This will fit both HPC and cloud for the current version of xdmod. Further more this fits my model of:

  1. institutions having multiple PIs,
  2. PIs having 1 or more Research Disciplines
  3. PIs applying for multiple research grants

I expect these things will change as the current mechanisms in xdmod are not the most convent to work with.

msdisme commented 1 year ago

@rob-baron any updates?

rob-baron commented 1 year ago

partially blocked on (https://github.com/nerc-project/coldfront-plugin-cloud/issues/89)

rob-baron commented 1 year ago

1) I have gotten a new dump of the infra cluster database and placed it on ocp-staging xdmod and xdmod-staging projects.

2) am creating a json structure based on the data that was loaded on to the 2 xdmod projects on ocp-staging. This will serve as an intermediate data structure for the data that will be fetched from cold fromt. I have updated cold fromt with an example of that structure.

joachimweyl commented 1 year ago

NERC will need to be able to change these at some point. Field of study list from Scott & Wayne

Life Science, Physical Science, Statistics/Math, Social Science, Arts/Humanities, Business/Management, Computer Science/Engineering, Public Health/BioMedical, Other

Probably makes the most sense to just have this completely done prior to it coming into XDMoD so XDMoD can just process based on what it gets from ColdFront and RegApp.

joachimweyl commented 1 year ago

@rob-baron can you provide an update here? You can probably copy-paste a fair amount from your stand-up notes.

rob-baron commented 1 year ago

The field of study will be coming from reg app though key cloak/keystone, as any changes to these fields only need to be applied once upstream.

For auditing purposes, we will need to keep track of the changes to them.

Am planning to create a simpler version that will at least track all of the history information.

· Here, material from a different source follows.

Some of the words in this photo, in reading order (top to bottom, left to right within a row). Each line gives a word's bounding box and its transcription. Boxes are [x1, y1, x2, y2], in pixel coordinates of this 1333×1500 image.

rob-baron commented 1 year ago

Basic questions:

How auditable do we want xdmod to be?

1) how far back do we want show back to be accurate?

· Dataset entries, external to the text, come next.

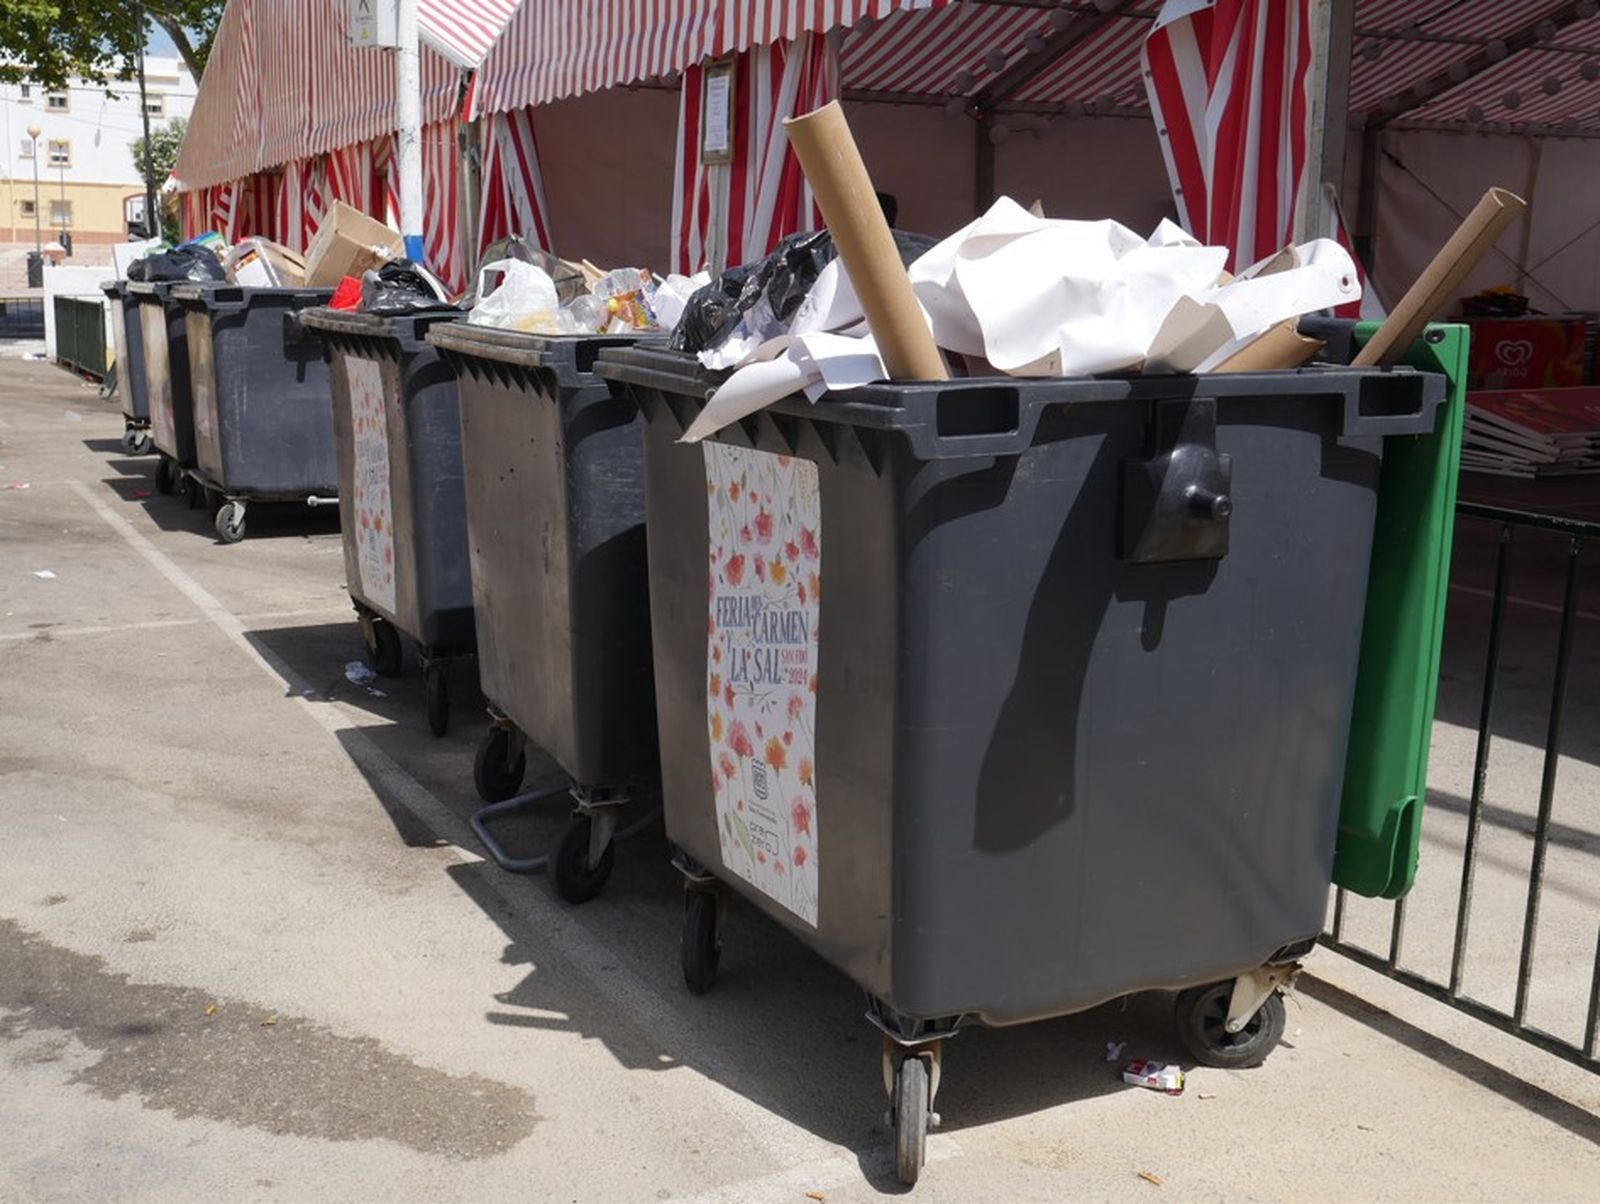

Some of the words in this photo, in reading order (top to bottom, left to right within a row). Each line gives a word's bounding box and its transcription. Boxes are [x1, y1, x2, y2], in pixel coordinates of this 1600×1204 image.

[717, 596, 751, 627] FERIA
[753, 610, 809, 644] CARMEN
[731, 647, 748, 682] LA
[753, 647, 782, 684] SAL
[788, 667, 808, 684] 2024
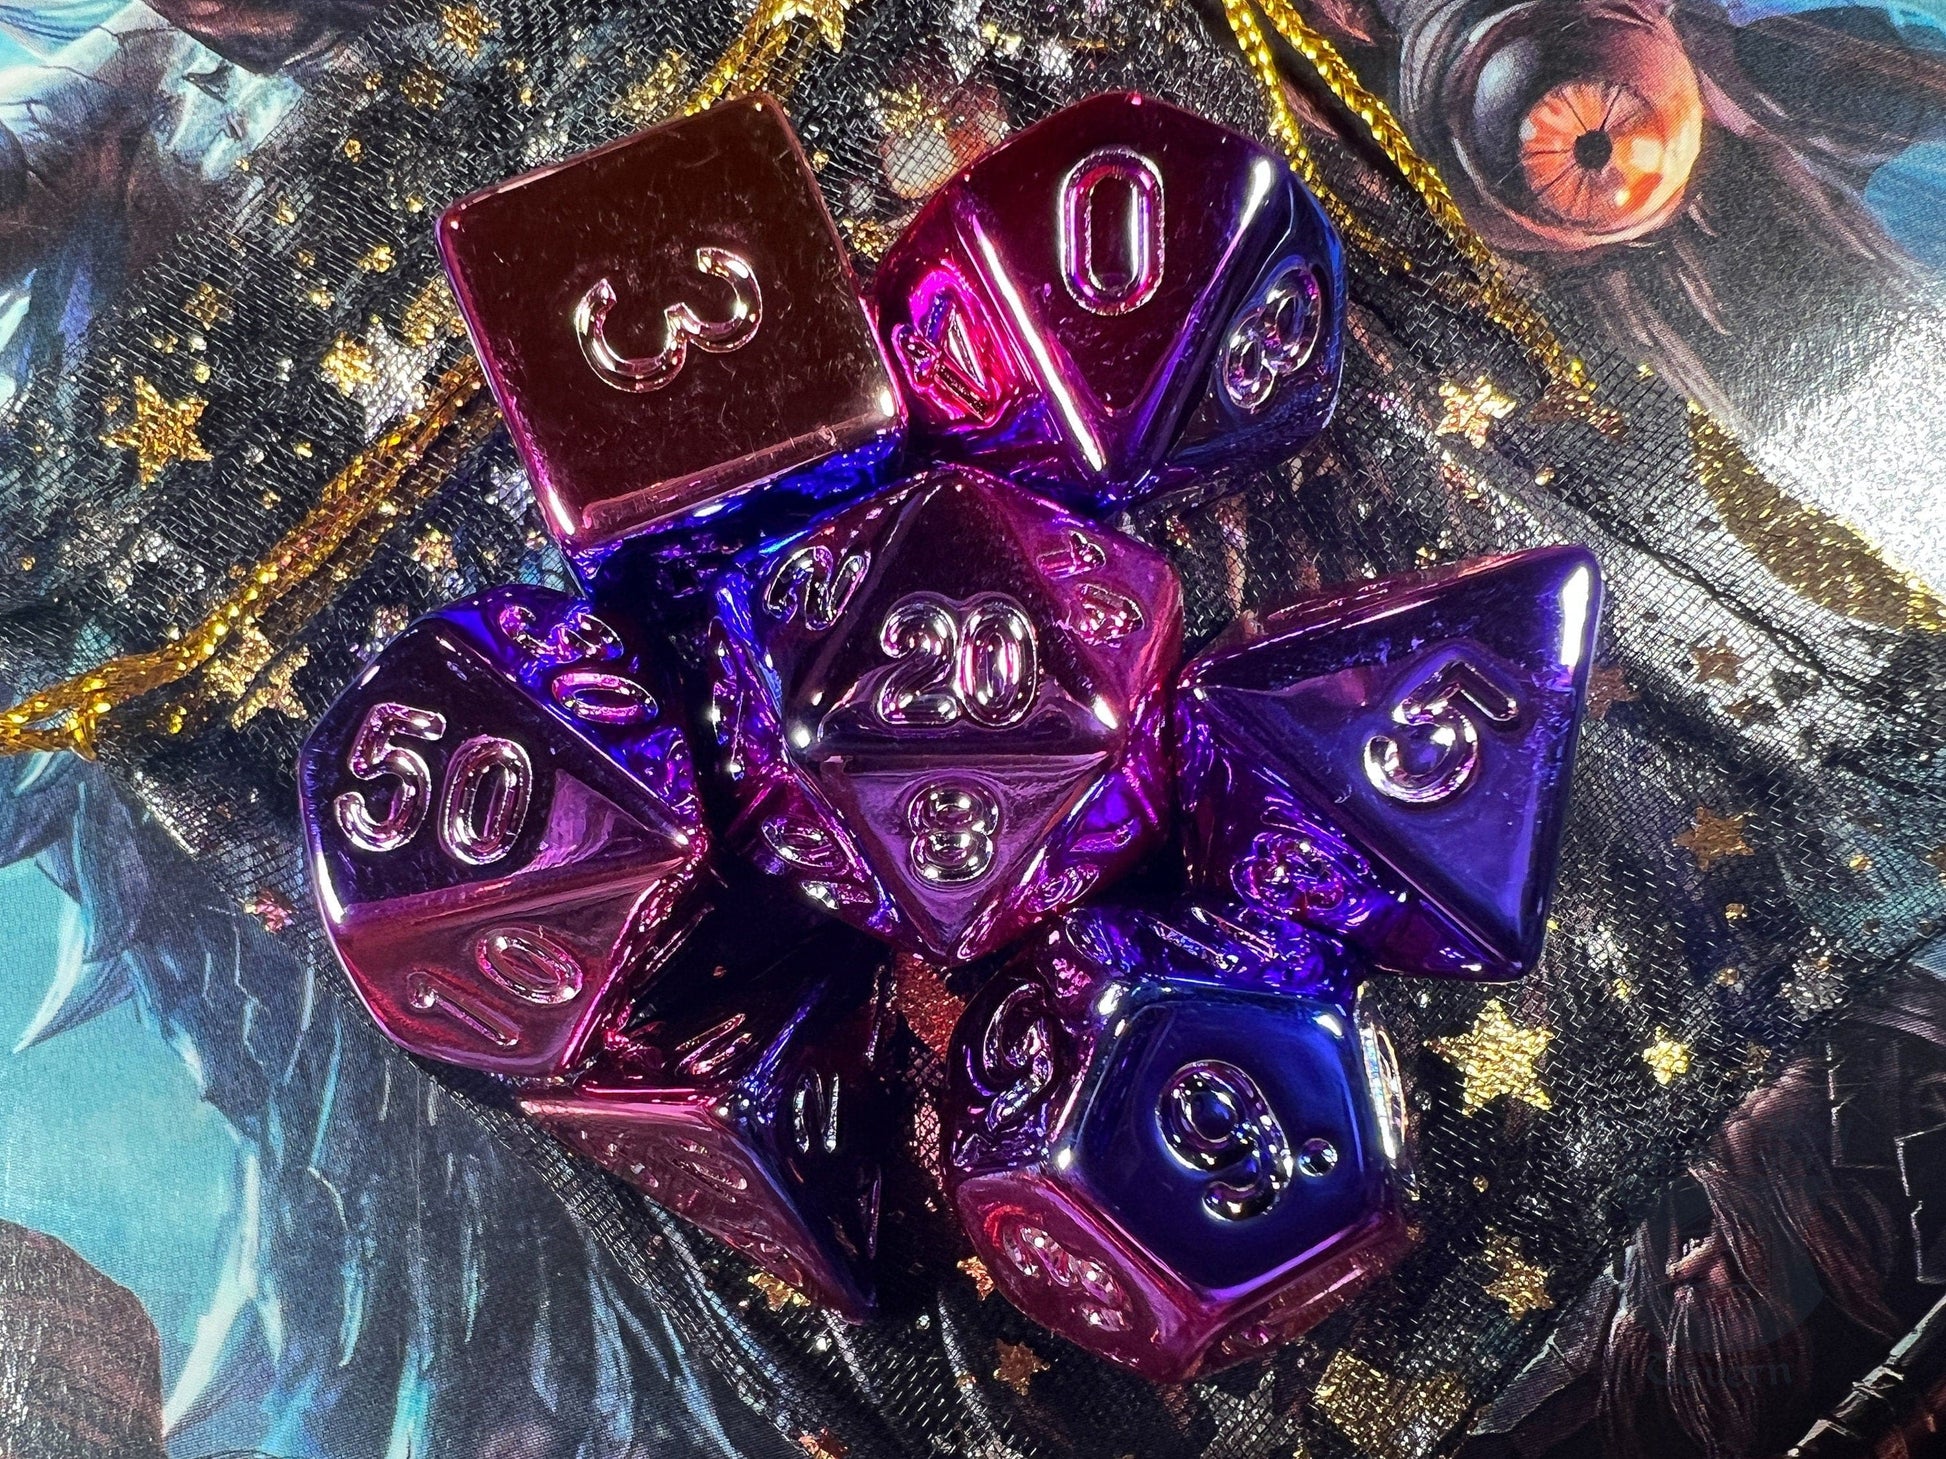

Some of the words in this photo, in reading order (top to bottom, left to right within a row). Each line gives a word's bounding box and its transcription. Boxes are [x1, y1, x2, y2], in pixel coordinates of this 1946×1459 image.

[1059, 147, 1165, 316] 0
[575, 247, 763, 393] 3
[763, 544, 869, 632] 2
[877, 599, 1038, 728] 20
[1363, 659, 1519, 803] 5
[334, 702, 532, 865] 50
[907, 787, 999, 883] 8
[408, 926, 583, 1047] 10

2) Does it matter if we have projects that fall under the "Unknown" institution? (for example an inactive project)

joachimweyl commented 1 year ago

@waygil & @syockel please review the questions above.

joachimweyl commented 1 year ago

@rob-baron are all the pieces you wanted to finish before the HTTP Endpoint was provided done? Are you now fully blocked on the HTTP endpoint? For example, is the double PI issue resolved? Is the double PI issue being tracked here or is there a separate GitHub issue for that?

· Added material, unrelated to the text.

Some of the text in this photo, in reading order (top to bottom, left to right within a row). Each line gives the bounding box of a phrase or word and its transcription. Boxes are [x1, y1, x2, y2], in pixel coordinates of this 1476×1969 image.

rob-baron commented 1 year ago

@joachimweyl

1) I am working on generating the files based on faked data. Kristi has only included a partial record that I have left a comment on. I am hoping that he chooses a more generic record for the transfer of data (something that cold-front could adopt) with the mapping of Nerc/NERC/OpenStack/OpenShift specific fields to that generic record.

2) I believe you haven't understood what the double PI issue is. Strictly speaking, if we have the PI on the low tier of the hierarchy file, then there is no double PI issue. However, if we put the PI on the mapping table (the group.csv) that maps groups (synonymous with PI based on xdmid's definition). This enables 1 PI to be mapped to 2 different projects from 2 different institutions.

If we transfer the data as a strict hierarchy (something that I am suggesting as I include a parent_id that refers to an id and I include a type of record to indicate hierarchy level (makes it easy to check if something of one type is connected to a specified typed (ie, field-of-science is only connected to an institution, and a PI is connected to a field of science), with the project being connected to a PI. Furthermore, this will be enforced even if we have to rearrange the PIs and Projects.

Basically, it is something we need to check depending on the data that is transferred from cold-front.

rob-baron commented 1 year ago

So, to be explicit my plan of attack has been to generate the afore mentioned hierarchy files (see comment on 30-Jan on this issue) via some mocked up data in a format as in my comment on (see comment on 16-MAR on https://github.com/nerc-project/coldfront-plugin-cloud/issues/89 and see comment on 3-APR on https://github.com/nerc-project/coldfront-plugin-cloud/pull/93).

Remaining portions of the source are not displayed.